18 Fictional Bunnies That Haunt the Dreams of Nerds
When we learn that the Martians are predatory toward humans in War of the Worlds, H. G. Wells offers us a bit of perspective by having his narrator remind us: “how repulsive our carnivorous habits would seem to an intelligent rabbit.”
No doubt, but this time of year even the vegans enjoy eating rabbits, of the chocolate and marshmallow variety delivered by the Easter Bunny. Perhaps it’s an attempt to steer humankind away from our repulsive carnivorous habits? Although his ancestry is in pagan folklore – a fertility symbol, probably – the E.B. is an unthreatening sort. But it’s striking how many of his fictitious cousins from nerdy pop culture are fiercely formidable, even sinister and scary, and how often they even the score with humankind for our lapine cruelties.
A few examples…
18. E. Aster Bunnymund
Maybe the toughest version of the EB per se was the one in the 2012 animated film Rise of the Guardians, a conflation of William Joyce’s children’s book series. Along with a Santa Claus who sounds like a radio-comedy Russian, a half-woman/half-hummingbird Tooth Fairy, and a rotund and silent Sandman who communicates by shaping his thoughts in sand over his head, the Bunny is one of the Guardians, a sort of Justice League defending children’s hopes and dreams.

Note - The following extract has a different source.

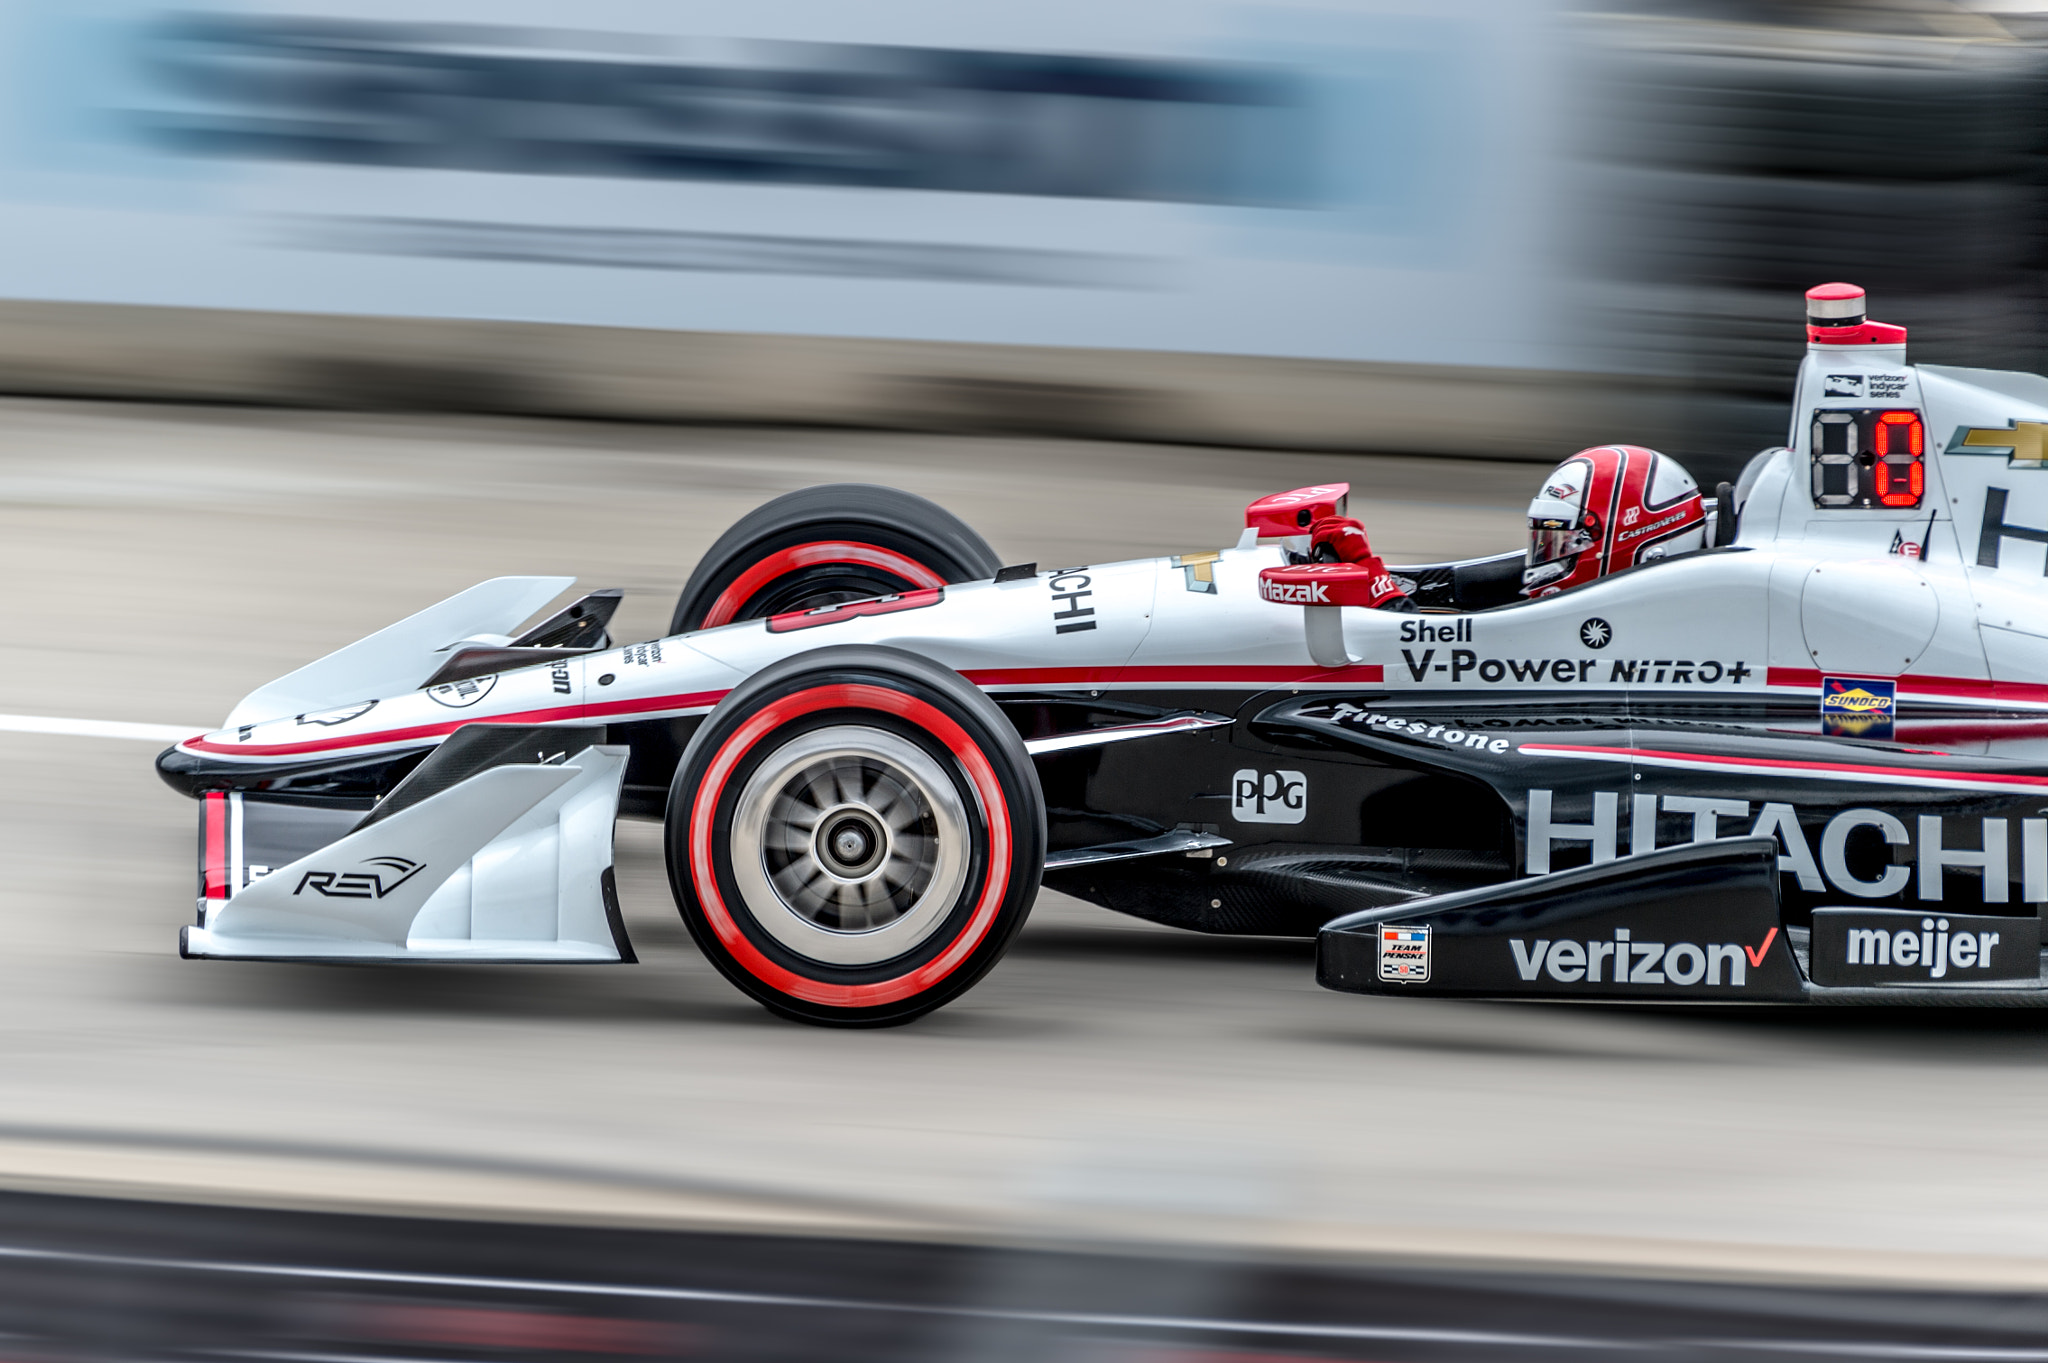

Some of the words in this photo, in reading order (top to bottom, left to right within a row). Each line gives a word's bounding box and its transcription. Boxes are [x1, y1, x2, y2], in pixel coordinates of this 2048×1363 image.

An Aussie badass voiced by Hugh Jackman, the Bunny wields a boomerang and bears a grudge against aspiring Guardian Jack Frost, for the “Blizzard of ’68” on Easter Sunday. His cute little bunny nature sneaks out, however: when he exits via burrow, he tends leave a little flower behind.
17. Bucky O’Hare
“Get the funky fresh rabbit who can take care of it!” So we are advised, in the event that we’re having a rough day, in the rousing theme song of this short-lived but fondly-remembered early-’90s cartoon, based in turn on the mid-’80s comic by Larry Hama. Bucky was a space adventurer who led a crew of mammals against the Toad Empire controlled by the sinister computer KOMPLEX.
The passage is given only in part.